Behind the PhD: Making data architectures work for real people
Posted on
Every organization wants to use AI. Every manager wants to make smarter, data-driven decisions. But most companies are stuck. Their data gets lost between teams, systems, and silos, resulting in ambitions that stall before they even start.
Stefan Driessen decided to tackle that. In his PhD at JADS, Stefan zoomed in on the messy reality behind the buzzwords. He looked at why modern data systems fail when it really matters, and how we can fix that.
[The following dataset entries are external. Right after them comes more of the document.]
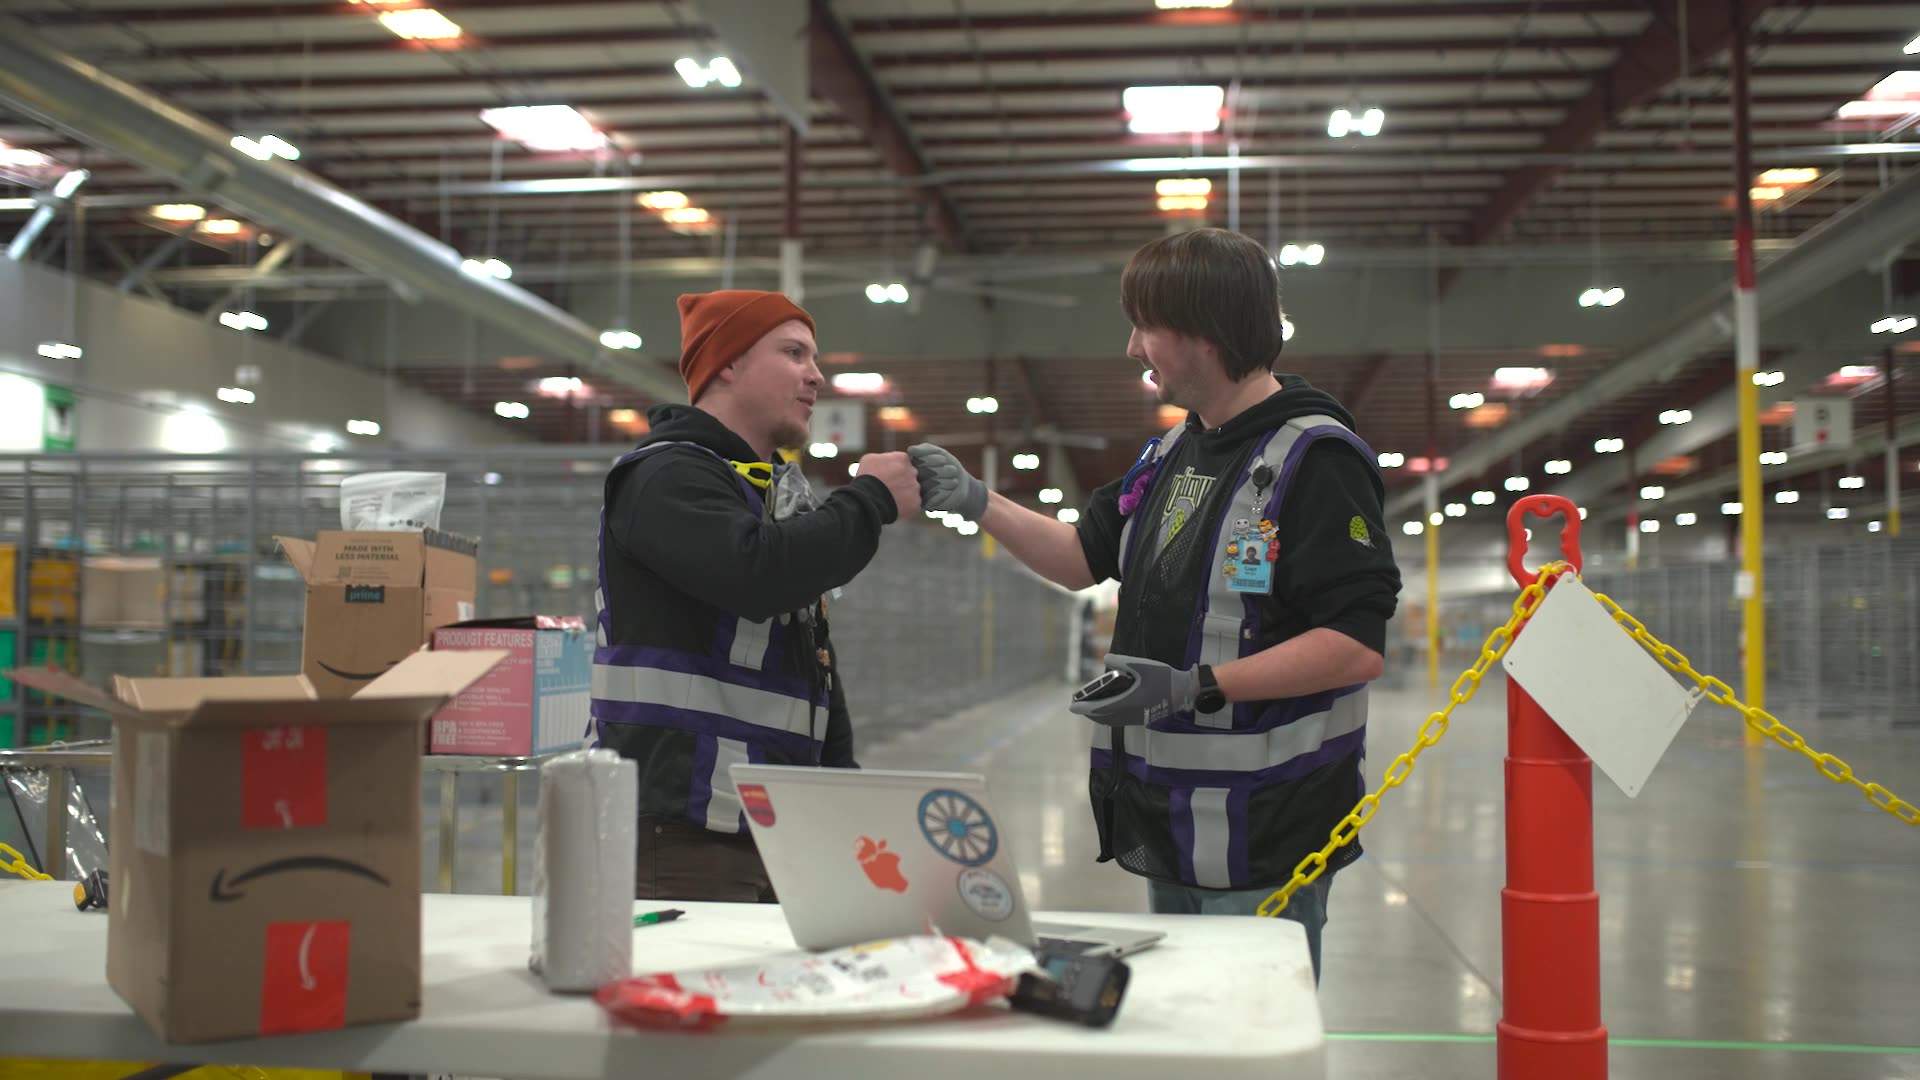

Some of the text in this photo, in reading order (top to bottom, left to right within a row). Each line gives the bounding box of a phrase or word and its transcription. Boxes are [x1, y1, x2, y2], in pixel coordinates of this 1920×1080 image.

[343, 545, 394, 553] MADE WITH
[335, 553, 400, 561] LESS MATERIAL
[349, 589, 381, 601] prime
[484, 632, 534, 648] FEATURES
[433, 720, 457, 733] BPA
[433, 734, 457, 745] FREE
His focus: data products. Think reusable, trustworthy building blocks of information that actually deliver value. He developed a practical standard, ProMoTe, that helps teams design, manage, and share data in a way that makes sense. Not just in theory, but inside real companies, where things are never as clean as the textbook.
Ahead of his PhD defense on June 23, we spoke to Stefan about falling into this topic by accident, building new ideas from scratch, and why companies like ASML, KPN and ABN AMRO are already using his work.
Why did you choose this research subject and what makes it so fascinating?
“I fell into this topic more or less accidentally. I started my PhD doing research on blockchain technology and looked into data markets as a potential application for that. Instead, I quickly realised that traditional, centralised and monolithic data architectures were one of the major blockers stopping large organisations from benefiting from Data Science, Machine Learning, AI, etc. Every company wants to use AI or make data-driven decisions, but they can’t because they don’t get their data from A to B in a consistent, compliant and high-quality manner. This is what data products solve.”
Which challenges did you meet along the way and how did you overcome them?
“One of my major challenges was that when I started working on data products, there was barely any literature and no academic community to speak of. This meant I had to work closely with companies, and these companies had to be really large in order to feel the pains that I tried to address. This meant I got to work with one of the largest auto manufacturers in the world, but also with KPN, ZEISS, DPG Media and ASML.”
What is the impact of your work in the real world?
“The standards that I developed are being implemented in several real-world companies.”
What are your plans after your PhD?
“I am currently working at the Data Strategy & Design team of ABN AMRO, helping realise their vision on data products and drafting a high-level strategy on AI.”